Drug delivery systems using biodegradable polyesters such as poly(lactic-co-glycolic acid) (PLGA) continue to be a popular strategy for achieving sustained protein antigen delivery in subunit vaccine formulations.  Unlike these acid insensitive polyesters, acid-degradable polymers can exploit the acidic environment (pH 4.5 – 6.5) within phagolysosomal compartments of antigen presenting cells.  The two primary types of acid-degradable polymers are those with acid-sensitive backbones (e.g. poly(β-amino esters)) or those that contain acid-cleavable pendant side groups (e.g. acetal derivatized dextrans, Ace-DEX).  Both types of polymers are promising candidates for sustained antigen delivery, but Ace-DEX polymers are specifically attractive due to their acid-sensitivity, pH-neutral degradation products, tunable hydrolytic degradability, and cytocompatibility. 

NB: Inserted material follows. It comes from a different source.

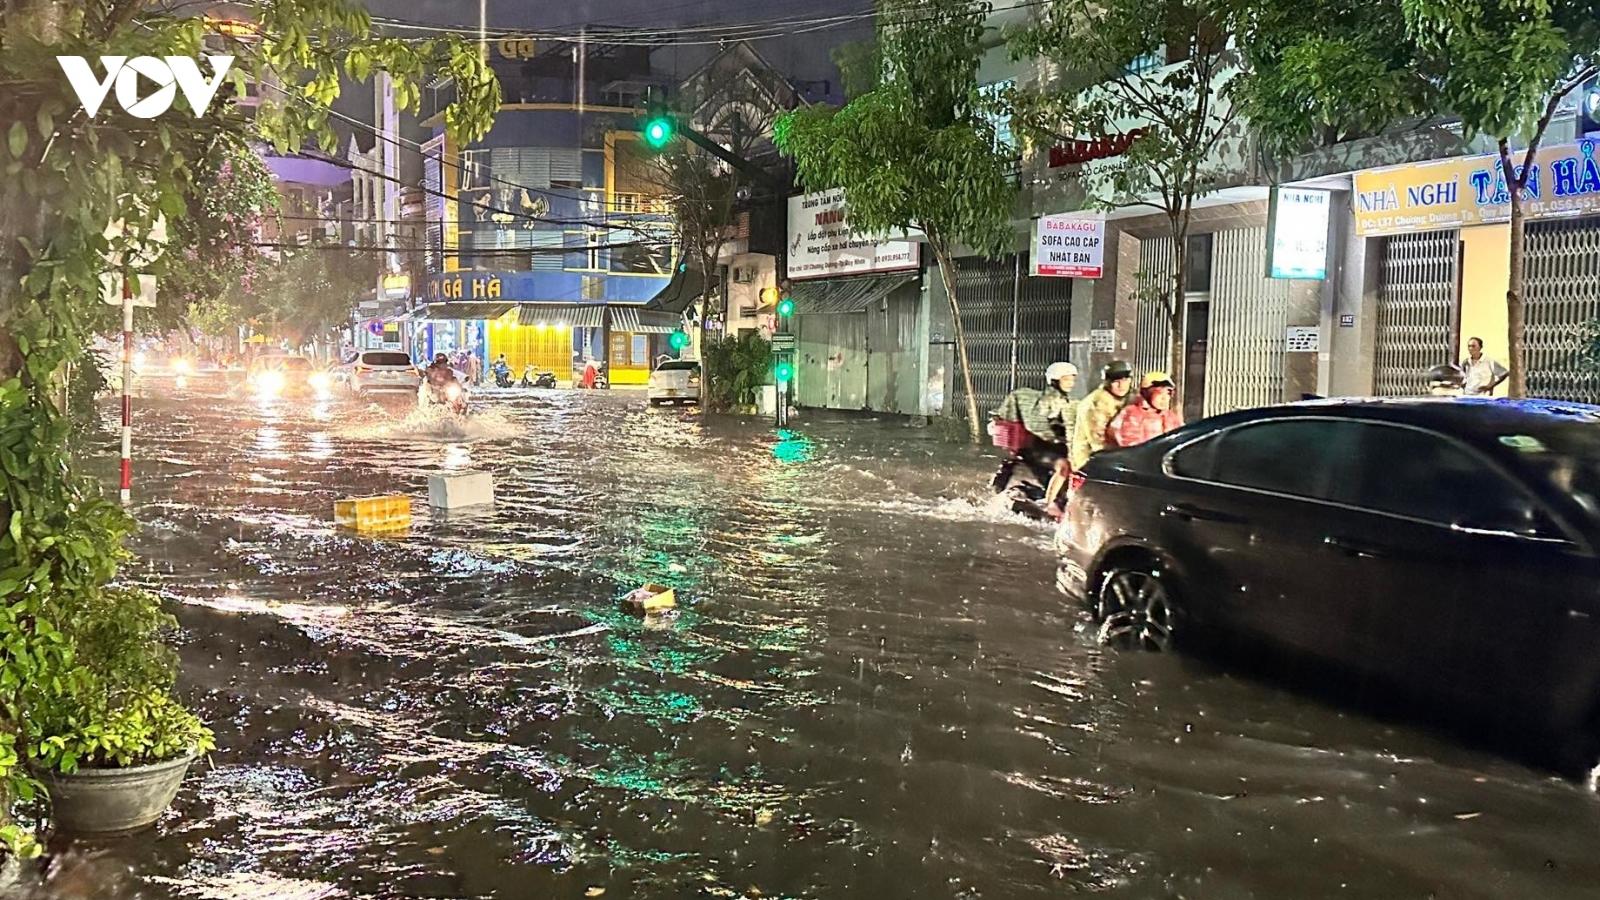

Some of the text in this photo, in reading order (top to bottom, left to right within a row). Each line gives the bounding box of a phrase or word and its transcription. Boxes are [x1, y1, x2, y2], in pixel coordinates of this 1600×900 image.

Bulk antigen encapsulation in polymer delivery vehicles such as Ace-DEX microparticles (MPs) can be accomplished by commonly used techniques such as emulsification/solvent evaporation, which expose the antigen to denaturing conditions.  Alternatively, the conjugation of antigen to the surface of preformed MPs is a more benign approach that avoids exposure to harsh particle fabrication steps.  Furthermore, as opposed to bulk encapsulation, antigens displayed on the surface of polymer MPs may result in an enhanced immune response.

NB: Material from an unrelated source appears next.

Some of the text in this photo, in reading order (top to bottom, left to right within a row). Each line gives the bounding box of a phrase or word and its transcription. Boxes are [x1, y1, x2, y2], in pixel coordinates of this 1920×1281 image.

Protein antigens can be immobilized on the surface of preformed particles by covalent and noncovalent (e.g. adsorption) interactions.  The flexibility of Ace-DEX’s glucose monomer offers multiple options for synthetic modifications and covalent antigen conjugation.  Among various covalent bond-forming reactions, the widely used “click conjugation” of one protein molecule to a single polymer end-group may show inefficient protein delivery.  As the biodegradable polymer chain begins to degrade there is a high probability of premature release of these single end-group bound proteins.  We envision that conjugating linkers along the polymer backbone instead of just the end will result in a high degree of surface functionalization and more sustained antigen delivery.  In this work, we report three novel synthetic strategies to covalently conjugate an antigen to preformed chemically-modified Ace-DEX MPs by both hydrolytically reversible and irreversible linkages generated along the full length of Ace-DEX’s backbone.

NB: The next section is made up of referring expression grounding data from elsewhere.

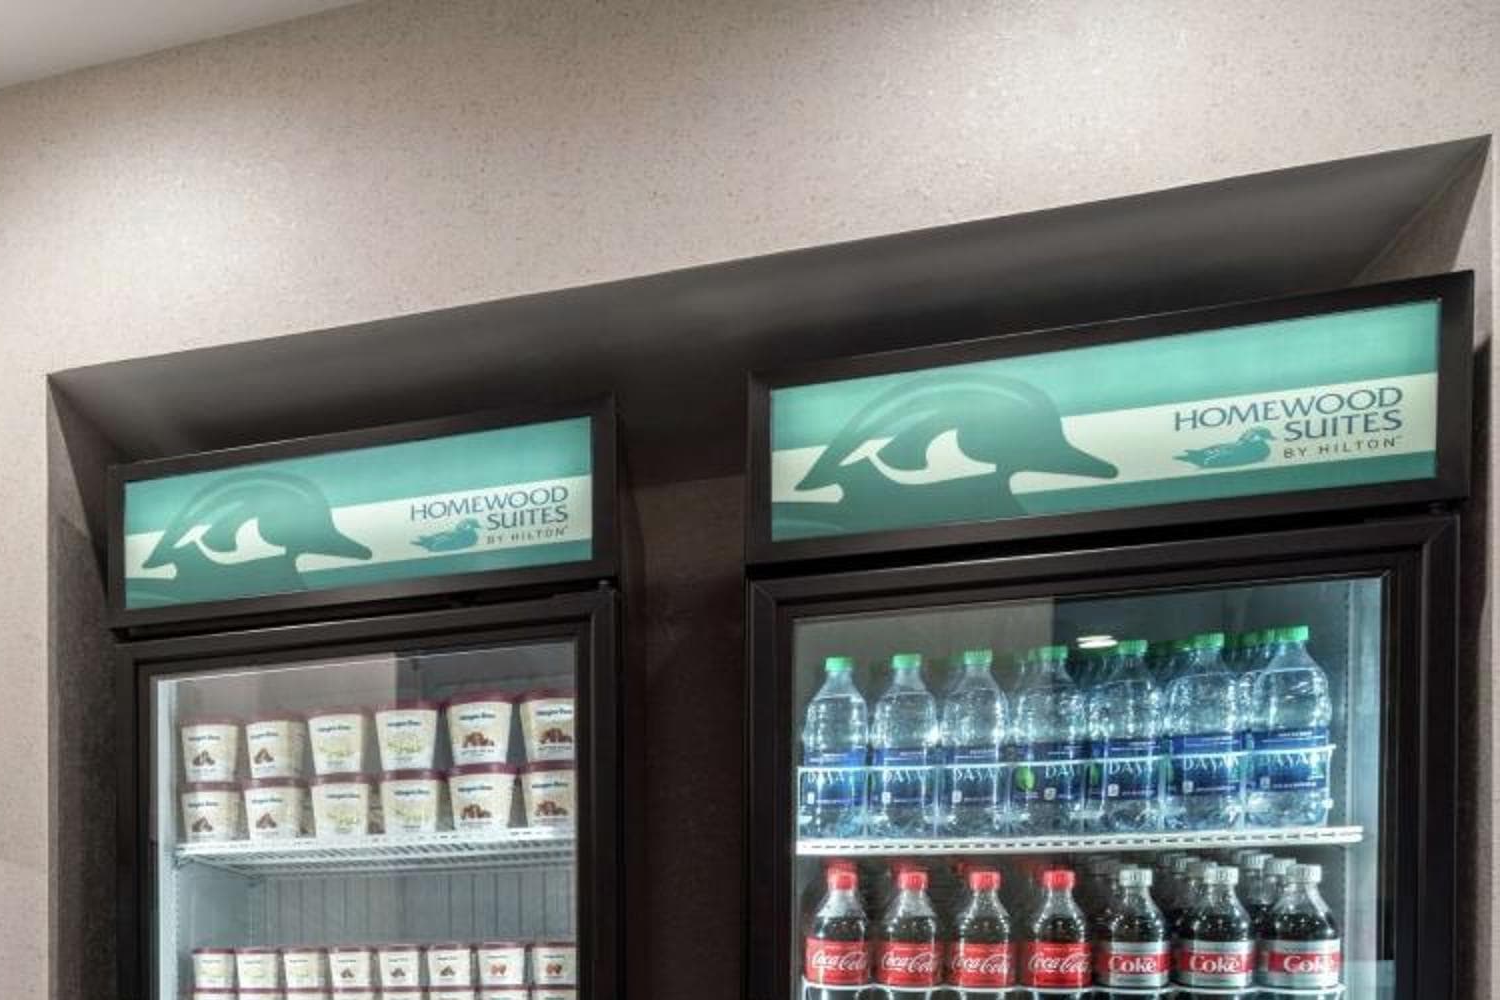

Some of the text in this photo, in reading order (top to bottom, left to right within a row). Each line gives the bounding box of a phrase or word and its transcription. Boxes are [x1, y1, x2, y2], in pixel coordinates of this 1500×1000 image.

[1174, 386, 1404, 432] HOMEWOOD
[1283, 409, 1403, 443] SUITES
[1283, 437, 1397, 459] BY HILTON
[410, 485, 569, 522] HOMEWOOD
[486, 505, 569, 531] SUITES
[486, 526, 566, 545] BY HILTON
[1108, 955, 1157, 973] Coke
[1190, 954, 1239, 973] Coke

The first two schemes, which feature Ace-DEX MPs modified with either an acid-labile or a hydrolytically irreversible linkage, require an antigen chemically-modified with a maleimide group.  Although maleimide modification kits are commercially available and widely used, the development of a synthetic strategy to conjugate unmodified antigen to the surface of a functionalized Ace-[O]-DEX particle would simplify the conjugation scheme, avoid any undesirable protein modification conditions, and significantly broaden the applications of protein-particle conjugates.  We present a third synthetic route to obtain a functionalized Ace-DEX polymer and irreversibly conjugate an unmodified antigen on the Ace-DEX MP surface.

Using a model ovalbumin antigen, we have achieved promising protein conjugation efficiencies using each of these schemes.  Ongoing in vivo vaccine studies utilizing a toll-like receptor agonist as an adjuvant are being used to compare each of these novel strategies to a bulk encapsulated antigen.  We believe these novel strategies have encouraging applications for subunit antigen delivery systems.